Saturday, December 15, 2007


The Science of Happiness

Thomas De Quincey, Confessions of an English Opium Eater:
Let it, however, not be spring, nor summer, nor autumn, but winter in his sternest shape. This is a most important point in the science of happiness. And I am surprised to see people overlook it, and think it matter of congratulation that winter is going, or, if coming, is not likely to be a severe one. On the contrary, I put up a petition annually for as much snow, hail, frost, or storm, of one kind or other, as the skies can possibly afford us. Surely everybody is aware of the divine pleasures which attend a winter fireside, candles at four o'clock, warm hearth-rugs, tea, a fair tea-maker, shutters closed, curtains flowing in ample draperies on the floor, whilst the wind and rain are raging audibly without,
And at the doors and windows seem to call,
As heav'n and earth they would together mell;
Yet the least entrance find they none at all;
Whence sweeter grows our rest secure in massy hall.

Castle of Indolence.
All these are items in the description of a winter evening which must surely be familiar to everybody born in a high latitude. And it is evident that most of these delicacies, like ice-cream, require a very low temperature of the atmosphere to produce them; they are fruits which cannot be ripened without weather stormy or inclement in some way or other. I am not "particular," as people say, whether it be snow, or black frost, or wind so strong that (as Mr. —— says) "you may lean your back against it like a post." I can put up even with rain, provided it rains cats and dogs; but something of the sort I must have, and if I have it not, I think myself in a manner ill-used; for why am I called on to pay so heavily for winter, in coals and candles, and various privations that will occur even to gentlemen, if I am not to have the article good of its kind? No, a Canadian winter for my money, or a Russian one, where every man is but a co-proprietor with the north wind in the fee-simple of his own ears. Indeed, so great an epicure am I in this matter that I cannot relish a winter night fully if it be much past St. Thomas's day, and have degenerated into disgusting tendencies to vernal appearances. No, it must be divided by a thick wall of dark nights from all return of light and sunshine. From the latter weeks of October to Christmas Eve, therefore, is the period during which happiness is in season, which, in my judgment, enters the room with the tea-tray; for tea, though ridiculed by those who are naturally of coarse nerves, or are become so from wine-drinking, and are not susceptible of influence from so refined a stimulant, will always be the favourite beverage of the intellectual; and, for my part, I would have joined Dr. Johnson in a bellum internecinum against Jonas Hanway, or any other impious person, who should presume to disparage it.

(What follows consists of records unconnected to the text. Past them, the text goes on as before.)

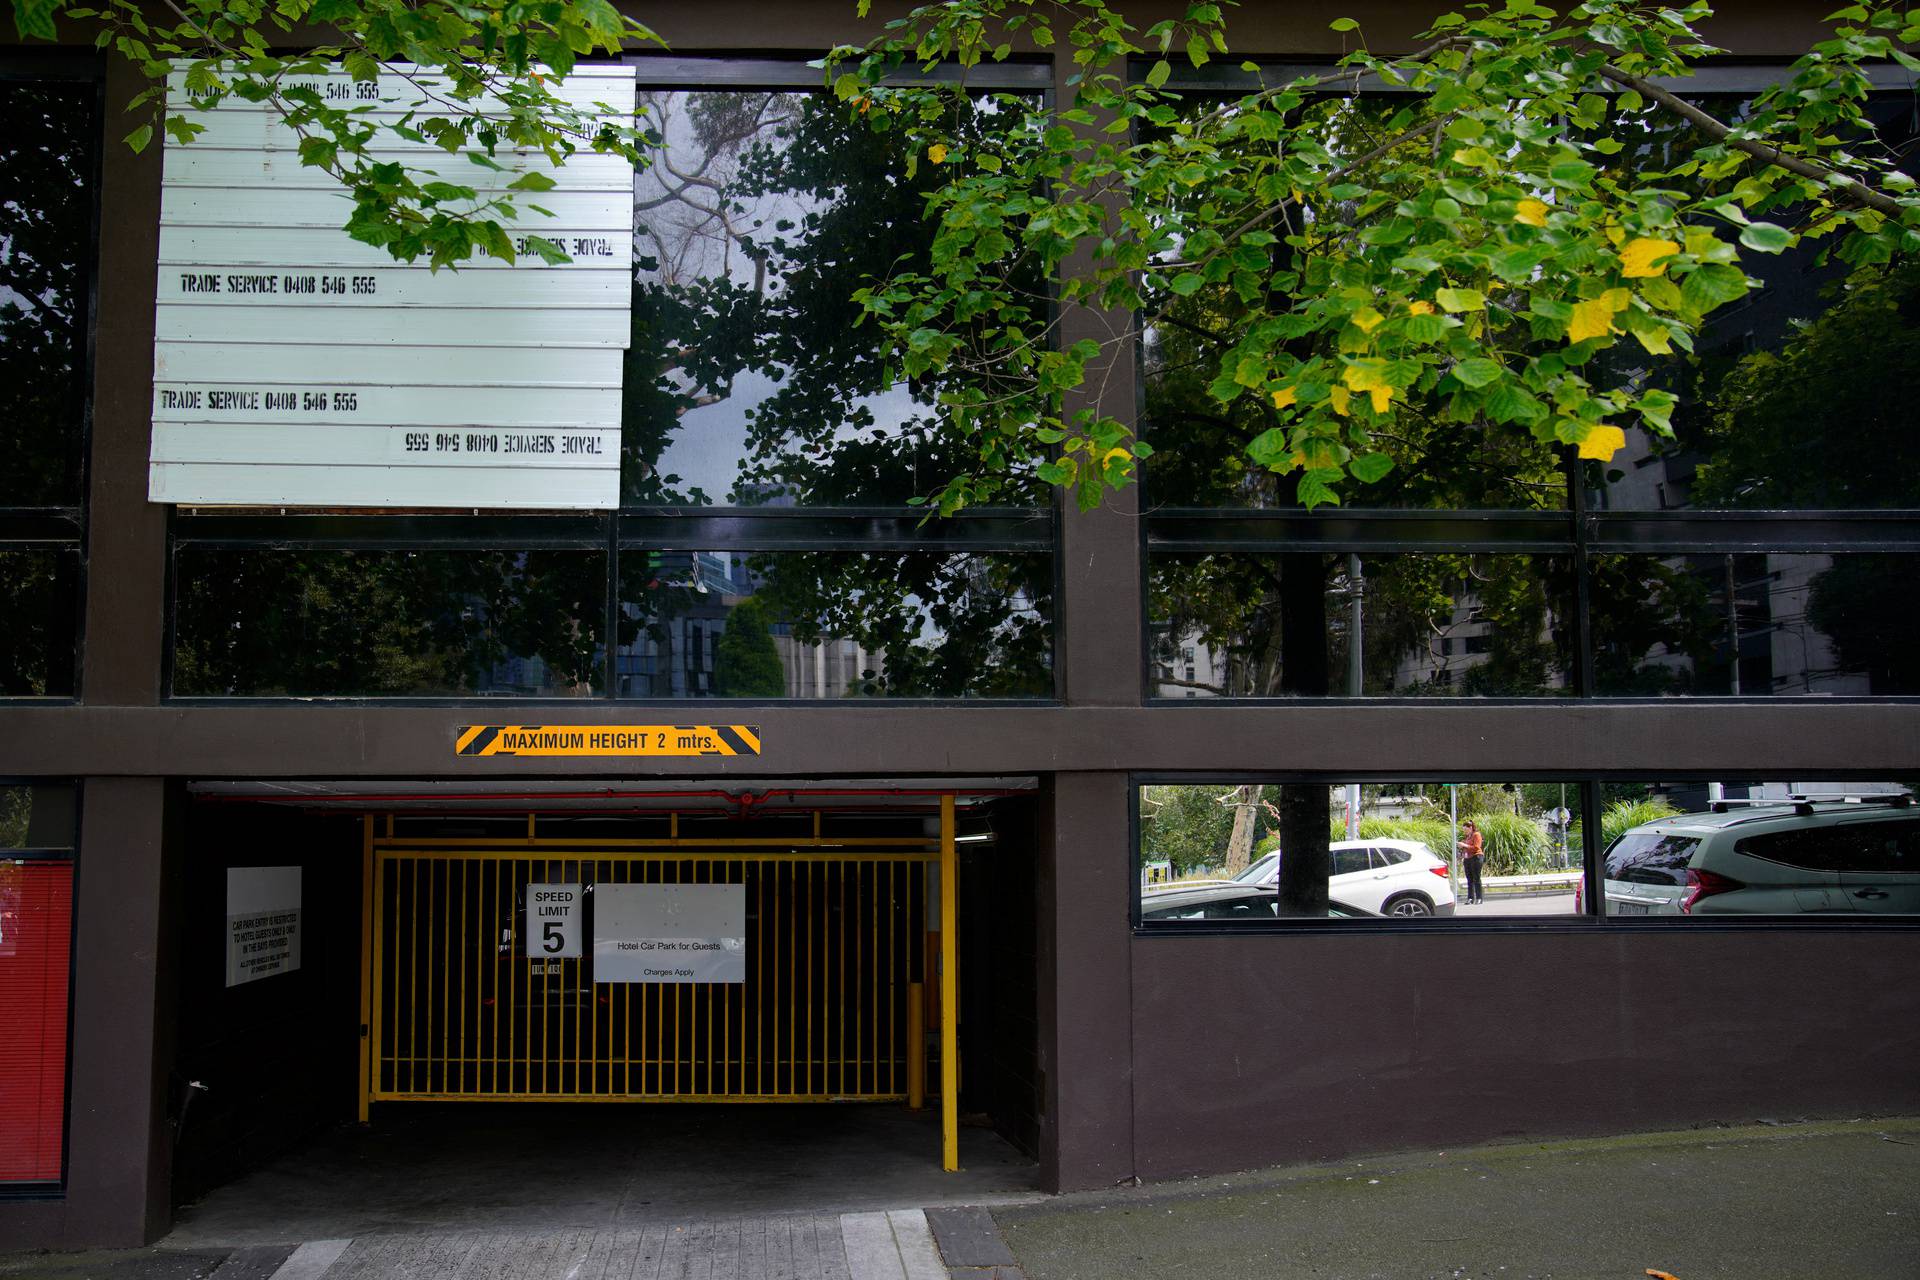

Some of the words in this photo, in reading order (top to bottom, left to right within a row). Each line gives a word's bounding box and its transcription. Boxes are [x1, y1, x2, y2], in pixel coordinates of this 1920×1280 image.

[326, 83, 350, 99] 546
[356, 82, 379, 99] 555
[573, 238, 613, 256] TRADE
[181, 274, 221, 293] TRADE
[227, 275, 278, 294] SERVICE
[284, 275, 316, 294] 0408
[321, 276, 345, 295] 546
[352, 276, 376, 295] 555
[161, 390, 202, 409] TRADE
[208, 391, 259, 410] SERVICE
[265, 392, 297, 411] 0408
[303, 392, 328, 411] 546
[333, 393, 358, 411] 555
[405, 432, 430, 451] 555
[436, 433, 460, 452] 546
[467, 434, 498, 452] 0408
[504, 434, 555, 453] SERVICE
[562, 435, 603, 454] TRADE
[503, 733, 584, 749] MAXIMUM
[590, 733, 649, 749] HEIGHT
[657, 733, 666, 749] 2
[677, 733, 717, 749] mtrs.
[535, 892, 573, 902] SPEED
[538, 906, 571, 916] LIMIT
[232, 920, 242, 931] CAR
[242, 918, 255, 929] PARK
[233, 933, 240, 943] TO
[240, 931, 255, 942] HOTEL
[543, 922, 565, 953] 5
[248, 942, 257, 952] THE
[617, 942, 639, 950] Hotel
[641, 942, 656, 950] Car
[657, 942, 677, 950] Park
[678, 942, 690, 950] for
[692, 942, 721, 951] Guests
[643, 968, 673, 977] Charges
[674, 968, 695, 977] Apply

But here, to save myself the trouble of too much verbal description, I will introduce a painter, and give him directions for the rest of the picture. Painters do not like white cottages, unless a good deal weather-stained; but as the reader now understands that it is a winter night, his services will not be required except for the inside of the house. Paint me, then, a room seventeen feet by twelve, and not more than seven and a half feet high. This, reader, is somewhat ambitiously styled in my family the drawing-room; but being contrived "a double debt to pay," it is also, and more justly, termed the library, for it happens that books are the only article of property in which I am richer than my neighbours. Of these I have about five thousand, collected gradually since my eighteenth year. Therefore, painter, put as many as you can into this room. Make it populous with books, and, furthermore, paint me a good fire, and furniture plain and modest, befitting the unpretending cottage of a scholar. And near the fire paint me a tea-table, and (as it is clear that no creature can come to see one such a stormy night) place only two cups and saucers on the tea-tray; and, if you know how to paint such a thing symbolically or otherwise, paint me an eternal tea-pot—eternal a parte ante and a parte post—for I usually drink tea from eight o'clock at night to four o'clock in the morning. And as it is very unpleasant to make tea or to pour it out for oneself, paint me a lovely young woman sitting at the table. Paint her arms like Aurora's and her smiles like Hebe's.